**To do:**
Repeat exactly, and only, the lines running from the one that holds "Some of the words" to the end of the records.

▼▼▼

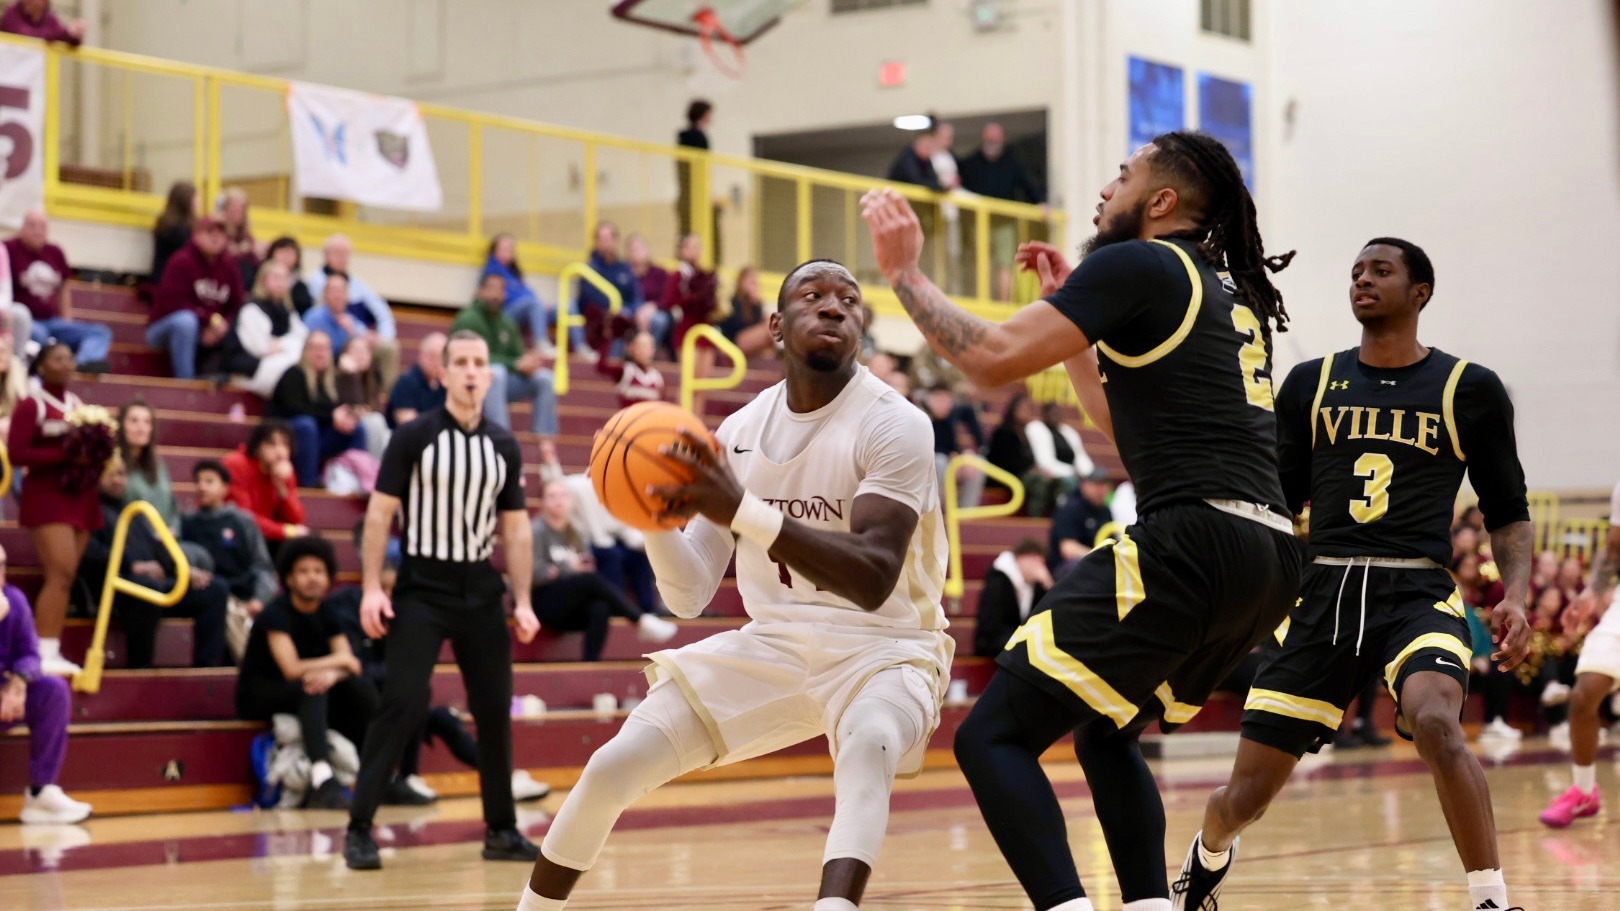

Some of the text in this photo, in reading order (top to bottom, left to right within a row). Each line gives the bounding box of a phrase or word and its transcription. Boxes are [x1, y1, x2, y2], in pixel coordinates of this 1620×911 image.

[1230, 303, 1275, 412] 2
[1320, 406, 1440, 456] VILLE
[1349, 452, 1394, 524] 3
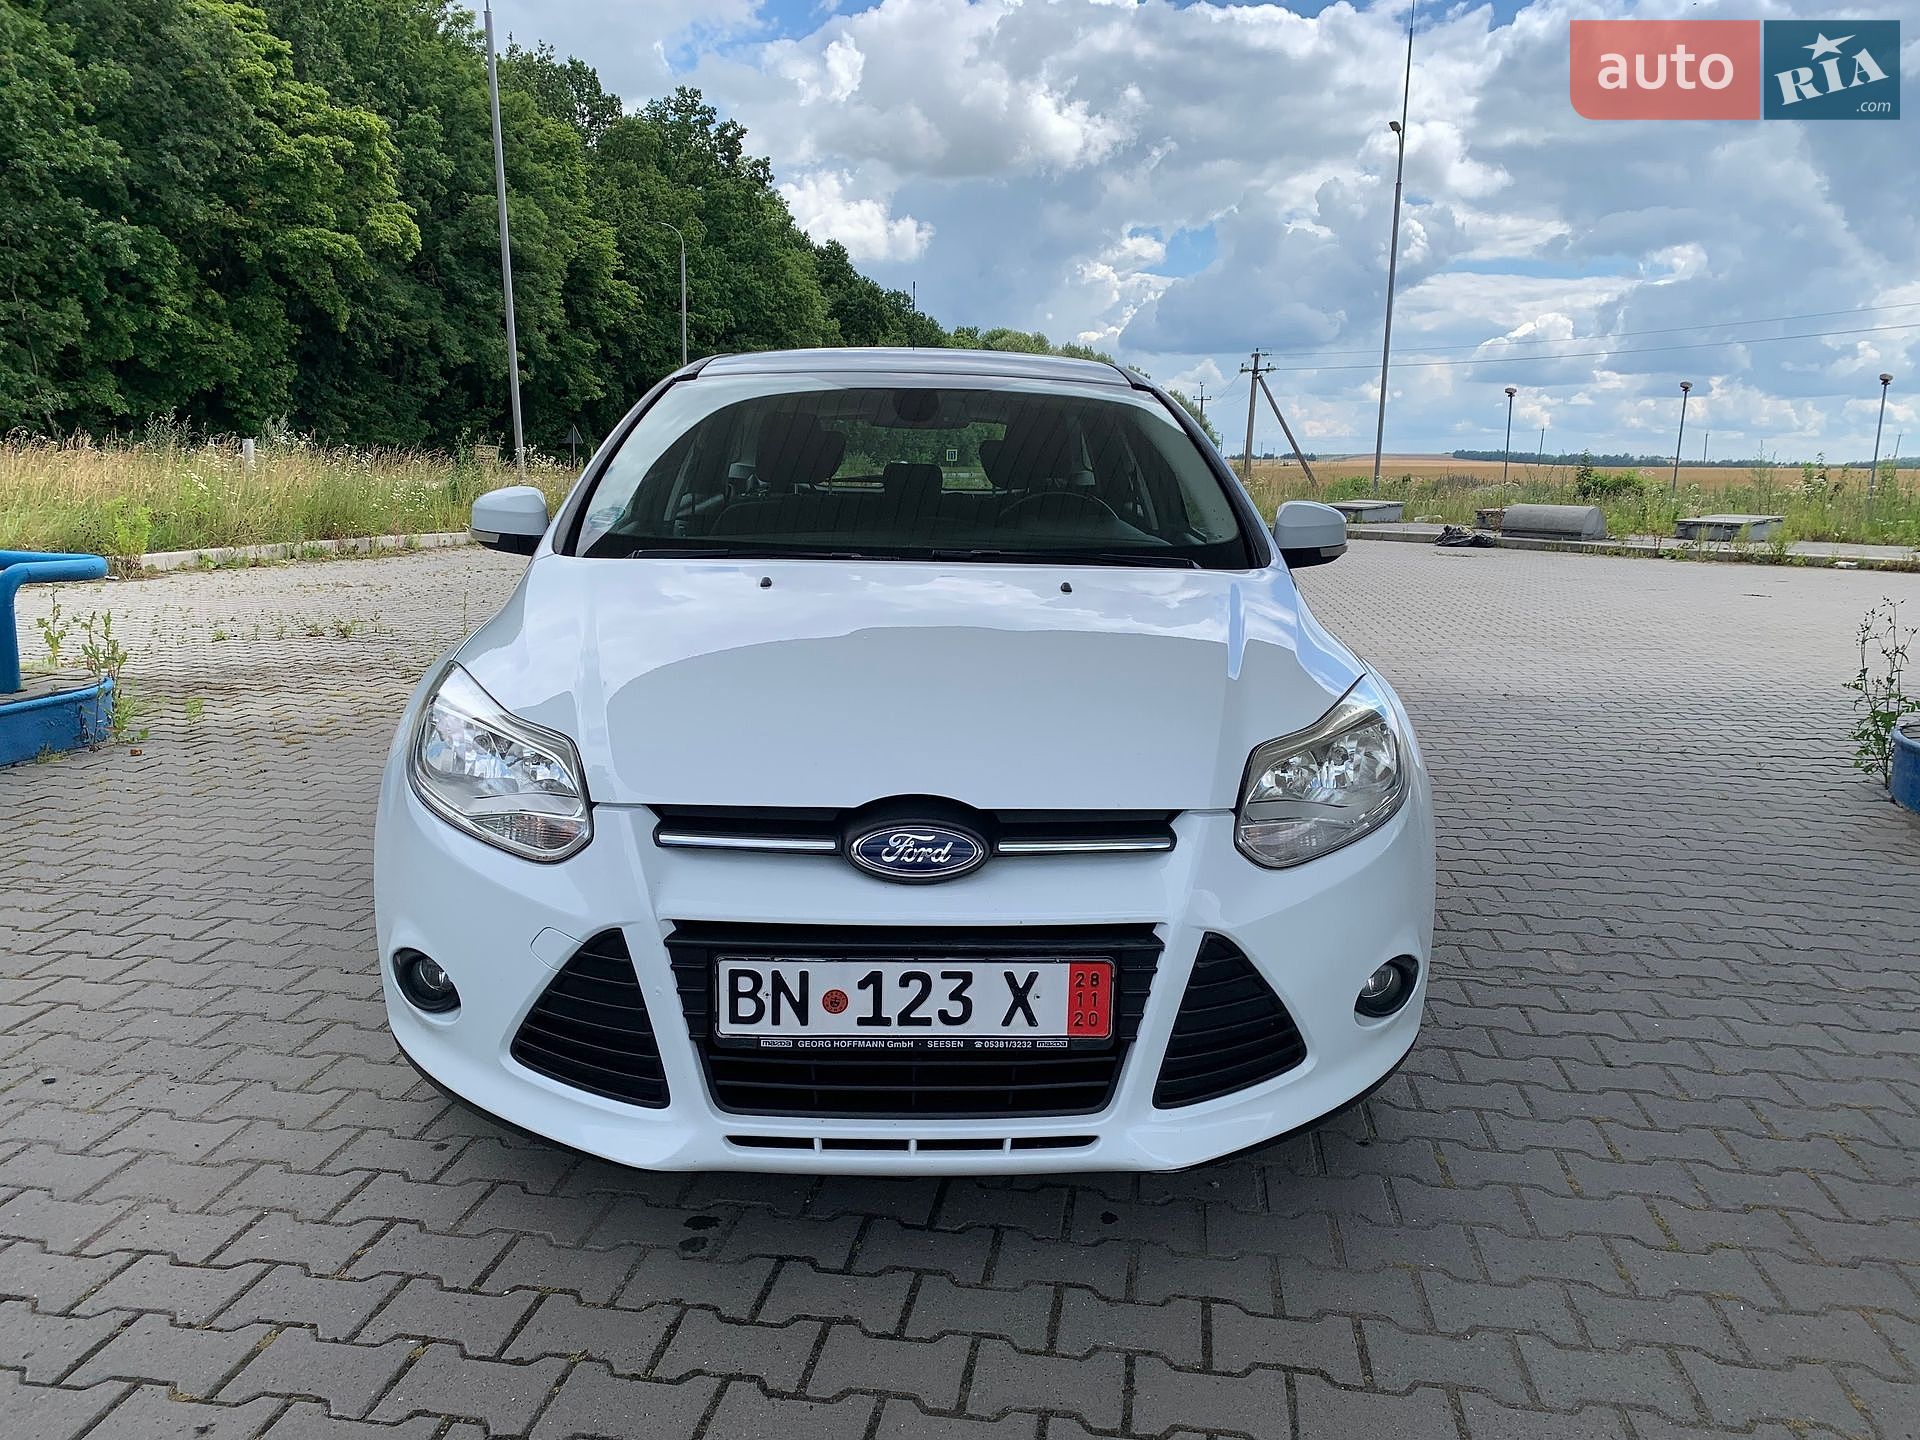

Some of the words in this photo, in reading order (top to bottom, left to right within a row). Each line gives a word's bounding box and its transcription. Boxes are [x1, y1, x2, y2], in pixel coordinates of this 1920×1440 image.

[881, 833, 953, 863] Ford
[1075, 971, 1100, 988] 28
[728, 968, 809, 1026] BN
[856, 970, 973, 1027] 123
[1001, 971, 1039, 1027] X
[1077, 991, 1098, 1008] 11
[1073, 1011, 1098, 1027] 20
[798, 1040, 831, 1048] GEORG
[833, 1040, 885, 1048] HOFFMANN
[887, 1040, 914, 1048] GmbH

▲▲▲

**Response area:**
Some of the words in this photo, in reading order (top to bottom, left to right within a row). Each line gives a word's bounding box and its transcription. Boxes are [x1, y1, x2, y2], in pixel coordinates of this 1920×1440 image.

[881, 833, 953, 863] Ford
[1075, 971, 1100, 988] 28
[728, 968, 809, 1026] BN
[856, 970, 973, 1027] 123
[1001, 971, 1039, 1027] X
[1077, 991, 1098, 1008] 11
[1073, 1011, 1098, 1027] 20
[798, 1040, 831, 1048] GEORG
[833, 1040, 885, 1048] HOFFMANN
[887, 1040, 914, 1048] GmbH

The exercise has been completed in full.